Data under study
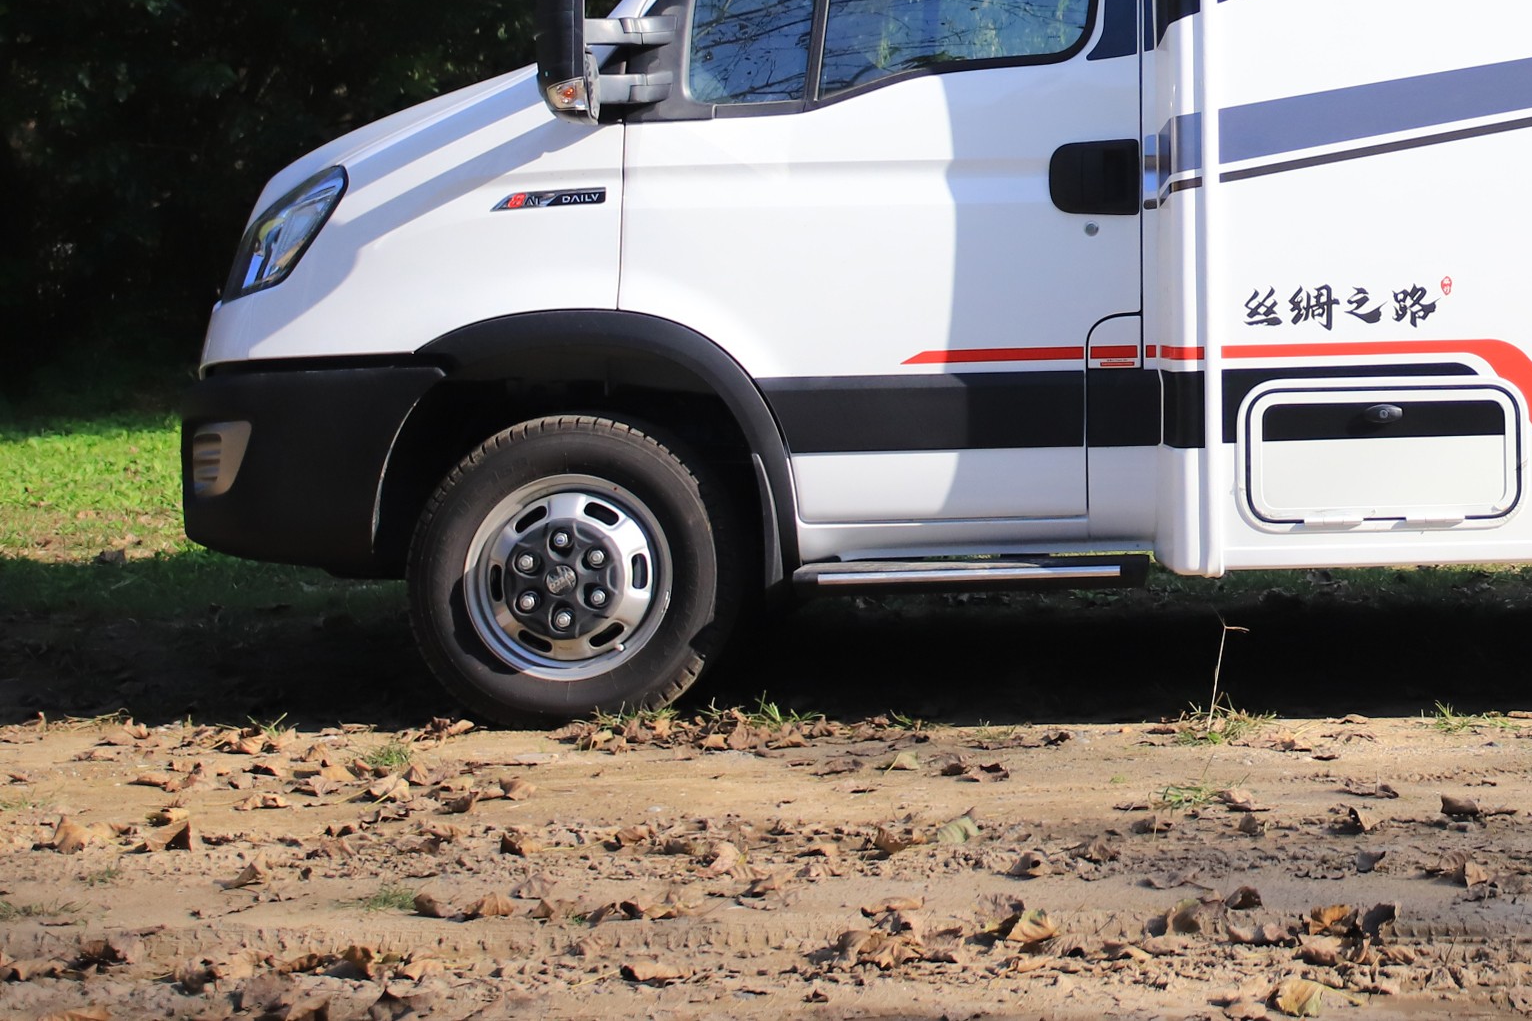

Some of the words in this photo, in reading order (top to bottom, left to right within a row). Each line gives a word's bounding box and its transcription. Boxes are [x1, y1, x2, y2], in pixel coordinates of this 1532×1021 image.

[562, 193, 600, 204] DAILY
[1243, 283, 1441, 331] 丝绸之路
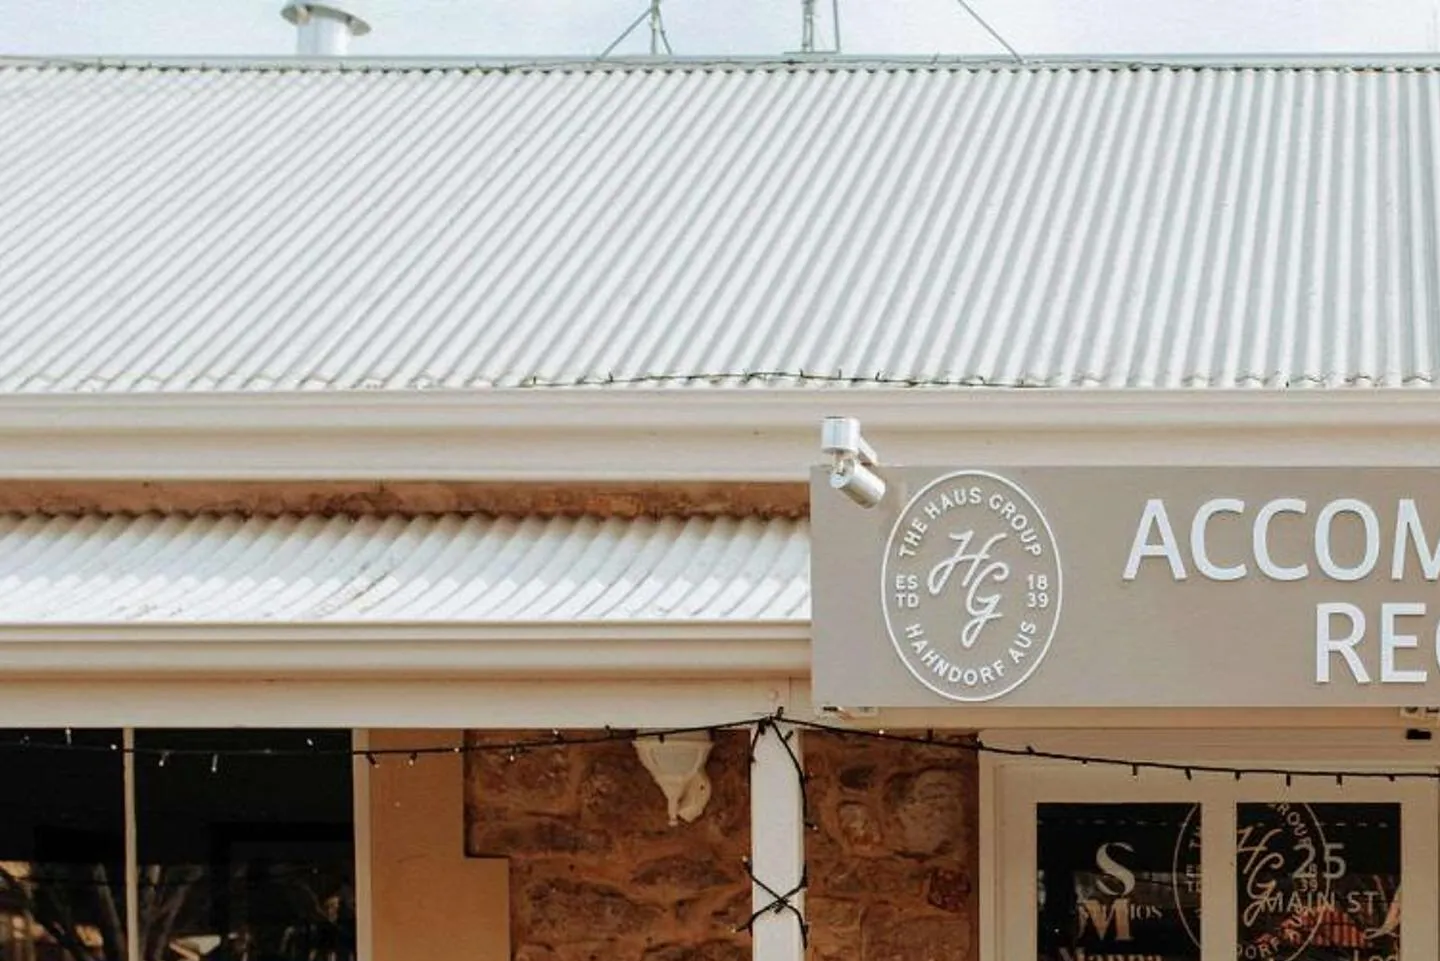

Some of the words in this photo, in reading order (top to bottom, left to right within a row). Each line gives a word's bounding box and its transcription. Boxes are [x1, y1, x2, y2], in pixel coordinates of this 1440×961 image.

[900, 518, 928, 558] THE
[925, 487, 982, 520] HAUS
[989, 494, 1042, 557] GROUP
[895, 575, 918, 590] ES
[1028, 574, 1048, 590] 18
[895, 593, 920, 608] TD
[1027, 593, 1049, 608] 39
[905, 623, 1007, 685] HAHNDORF
[1008, 621, 1036, 663] AUS
[1292, 842, 1347, 879] 25
[1260, 890, 1336, 913] MAIN
[1347, 890, 1380, 914] ST

Task details
The pictures stay out of the copy. Set down the entries above precisely.

Exercise result
Some of the words in this photo, in reading order (top to bottom, left to right within a row). Each line gives a word's bounding box and its transcription. Boxes are [x1, y1, x2, y2], in pixel coordinates of this 1532×1021 image.

[562, 193, 600, 204] DAILY
[1243, 283, 1441, 331] 丝绸之路

Some of the words in this photo, in reading order (top to bottom, left to right within a row). Each line gives a word's bounding box and its transcription. Boxes are [x1, y1, x2, y2], in pixel coordinates of this 1440×961 image.

[900, 518, 928, 558] THE
[925, 487, 982, 520] HAUS
[989, 494, 1042, 557] GROUP
[895, 575, 918, 590] ES
[1028, 574, 1048, 590] 18
[895, 593, 920, 608] TD
[1027, 593, 1049, 608] 39
[905, 623, 1007, 685] HAHNDORF
[1008, 621, 1036, 663] AUS
[1292, 842, 1347, 879] 25
[1260, 890, 1336, 913] MAIN
[1347, 890, 1380, 914] ST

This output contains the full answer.